Old Item: Isabella la Curiosa, to be released. The submitter desires a female name. The client requests authenticity for the Italian Renaissance. Language/culture (Italian Renaissance) most important. Her original name and a device, Azure, an eagle argent and a bordure argent semy of crescents azure, were registered 04/2003 via the East. Isabella is a feminine given name found four times in Arval Benicoeur, "Feminine Given Names from the Online Catasto of Florence of 1427" (http://www.s-gabriel.org/names/arval/catasto/). It is found in Juliana de Luna, "Names from Sixteenth Century Venice" (http://www.s-gabriel.org/names/juliana/16thcvenice.html). It is also grandfathered to the submitter. Altovita was the byname of <Bindo Altoviti> (1483-1520), a wealthy Florentine banker who was painted by Raphael in 1515 (http://www.nga.gov/collection/gallery/gg20/gg20-12131.html).

Commenters questioned whether this was a conflict with Isabella d'Altavilla (04/2005, Caid).

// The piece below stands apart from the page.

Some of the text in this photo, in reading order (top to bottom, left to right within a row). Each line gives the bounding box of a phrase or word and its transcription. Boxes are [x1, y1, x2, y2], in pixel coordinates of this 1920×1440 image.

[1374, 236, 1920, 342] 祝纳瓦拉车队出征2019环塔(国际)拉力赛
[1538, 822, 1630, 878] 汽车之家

9: Manuel de Mirguelo - Resub Name forwarded & New Device forwarded

Or, a rose sable barbed and seeded proper and on a chief vert an increscent Or

This is a resubmission of Manuel De Miércolas, returned on the 09/2006 LoAR (East) because no evidence for the byname could be found. Manuel is a masculine given name found twice in Juliana de Luna, "Spanish Names from the Late 15th Century" (http://www.s-gabriel.org/names/juliana/isabella/MensGivenAlpha.html), and three times in Aryanhwy merch Catmael, "Spanish Names from Jaén, 1495" (http://www.ellipsis.cx/~liana/names/spanish/jaen1495.html). The alternate spelling Manual is found once in Aryanhwys article (ibid.). de Mirguelo is part of a place name, <Bahia de Mirguelo> Bay of Mirguelo found in a 1539 map by Gutierrez of what is now the southeastern US. It is found in Academy of Saint Gabriel report no. 2822 (http://www.s-gabriel.org/2822).

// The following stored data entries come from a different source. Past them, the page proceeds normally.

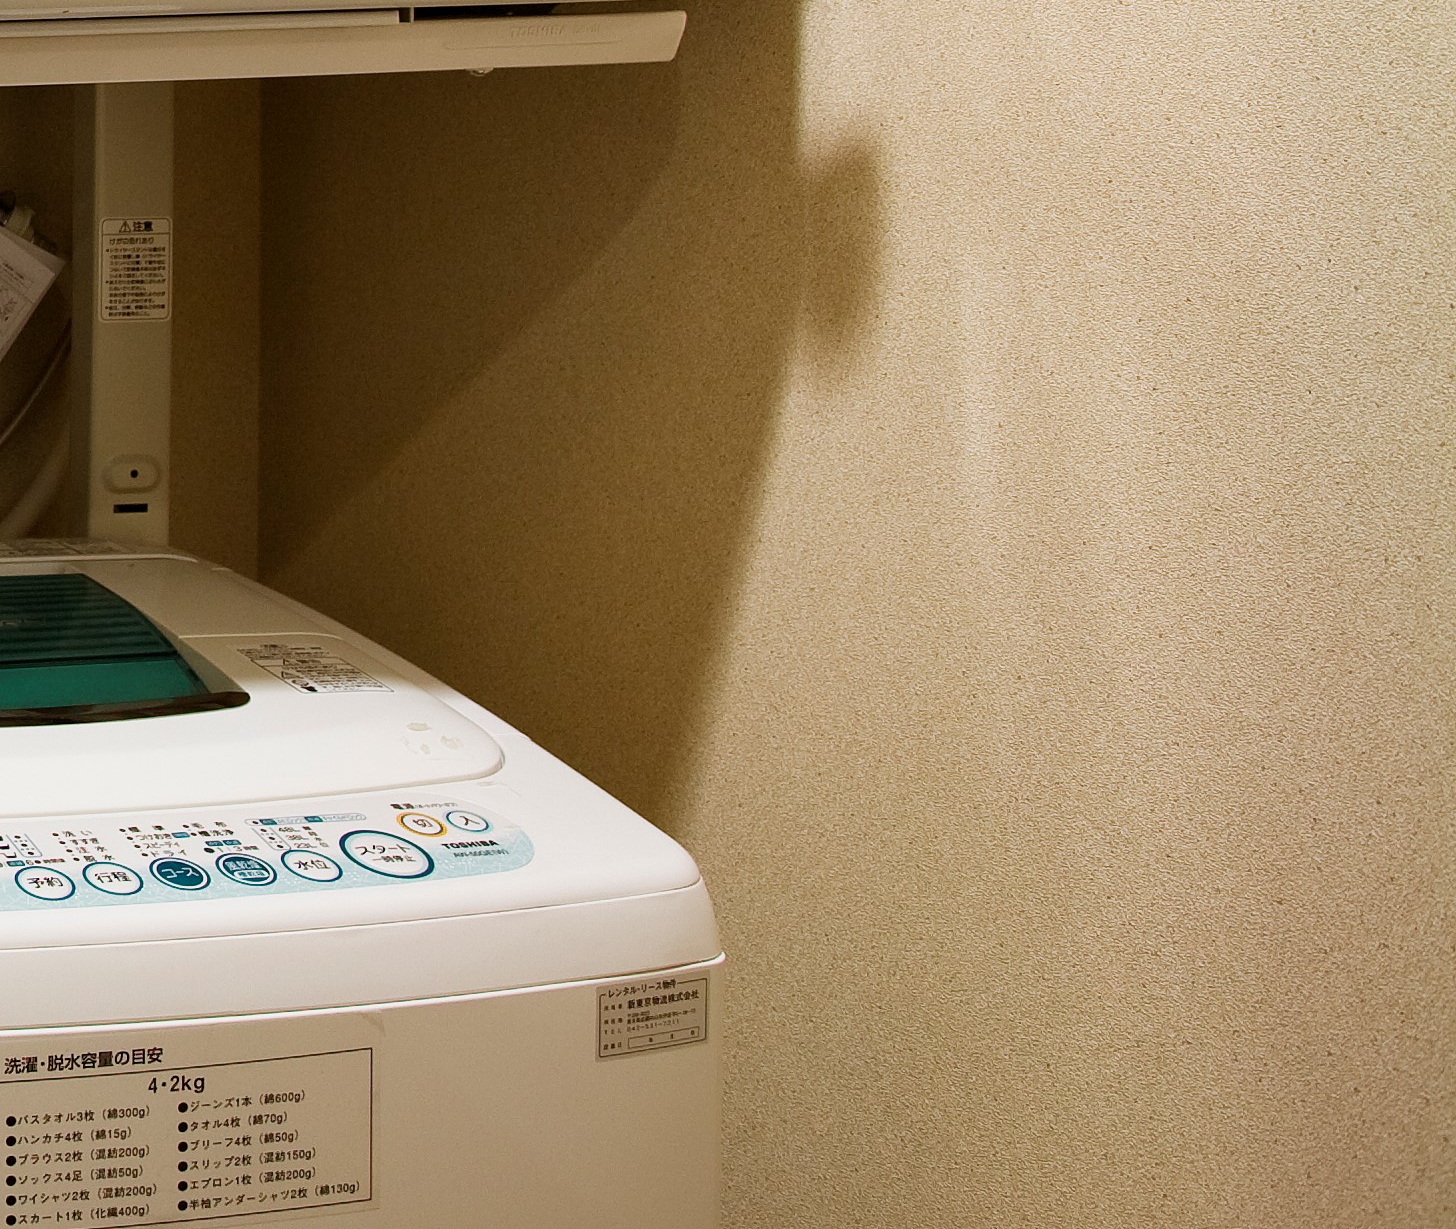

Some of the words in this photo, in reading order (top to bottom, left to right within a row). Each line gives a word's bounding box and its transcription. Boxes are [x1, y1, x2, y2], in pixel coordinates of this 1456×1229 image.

[355, 844, 412, 854] スタート
[442, 840, 500, 849] TOSHIBA
[294, 860, 330, 870] 水位
[95, 872, 132, 884] 行程
[162, 868, 199, 878] コース
[4, 1047, 163, 1075] 洗濯・脱水容量の目安
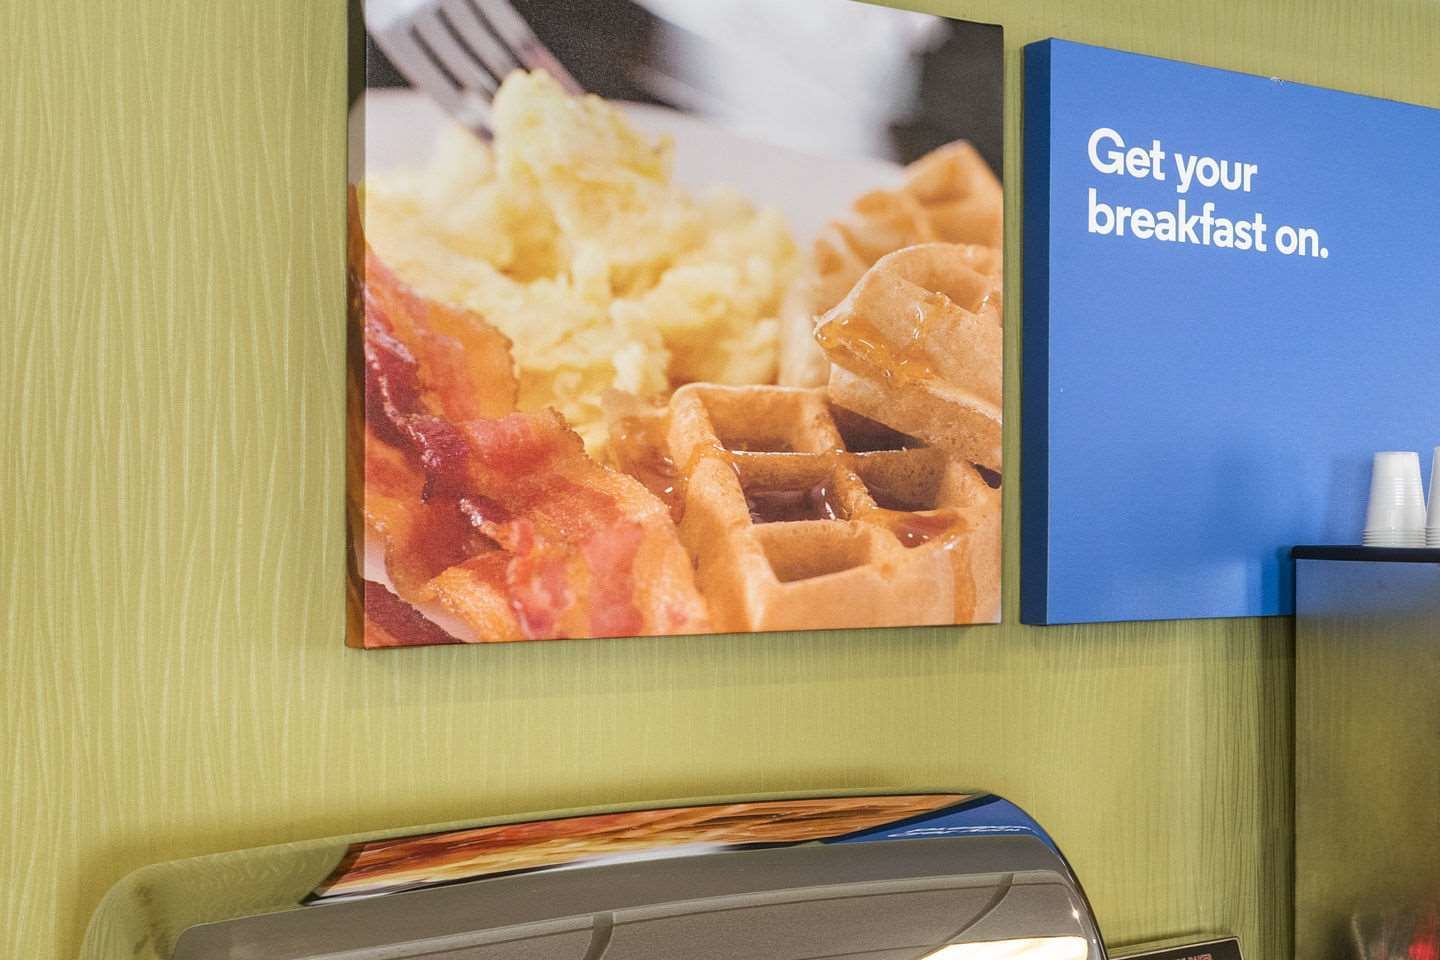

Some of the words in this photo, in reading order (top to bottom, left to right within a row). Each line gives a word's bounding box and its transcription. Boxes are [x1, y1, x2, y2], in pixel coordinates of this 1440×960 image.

[1087, 127, 1165, 181] Get
[1173, 153, 1258, 194] your
[1087, 187, 1268, 252] breakfast
[1274, 225, 1329, 259] on.

The device is clear of Angharad ferch Tangwystl (09/1995, Middle), Or, a rose sable barbed and seeded proper, a chief enarched sable mullety Or. As a plain chief and a chief enarched are artistic variants of each other, there is no CD between them [Ottar Hrafnsson, 05/1998]. However, we have a CD for changing the tincture of the chief and another for the cumulative changes to the tertiary charge group.

10: Marguerite inghean Lachlainn - Resub Device forwarded

Vert, on a bend sinister argent three mushrooms palewise azure and in canton a coronet Or

Her name and a badge were registered on the 06/2010 LOAR (East). Her original device submission, Vert, on a bend sinister argent three mushrooms palewise azure, was returned on the Easts 12/2009 Letter of Decision for conflict with the device of Leslie the Brown (06/1986, Ansteorra), Vert, on a bend sinister argent a Hermit Thrush close proper. [Hylocichla guttata]. A second attempt, Vert, on a bend argent three mushrooms palewise azure, also had a conflict that was found in kingdom commentary: Olaf the Maedi-Ogre (03/1975), Vert, on a bend argent a battle-axe gules. A coronet was added to the original version of the device to clear that conflict. The submitter was made a countess in 09/2010, and is entitled to bear a coronet.

As most countesses don't tend to stay that way, I have not specifically blazoned the type of coronet in case she needs to upgrade it. And, for completeness, the inclusion of a coronet in canton is found in the Wapenboek Beyeren, fol. 011v (http://www.kb.nl/bladerboek/wapenboek/browse/page_011v.xml), c. 1405, in the arms of "ly grant Mylly".

11: Rainillt Leia de Bello Marisco - Resub Device Change forwarded

Sable, a fess engrailed Or between three fleurs-de-lys and a swan naiant contourny argent

Old Item: Vert, two coneys combattant argent, to be retained. Her name and original device were registered 05/2003 (East). This is a resubmission of Per chevron sable semy-de-lys argent and sable, a chevron Or and in base a swan naiant argent, which was returned on the 04/2010 LoAR (East) because the background of the semy was the same tincture as the other part of the divided field. This is a complete redesign.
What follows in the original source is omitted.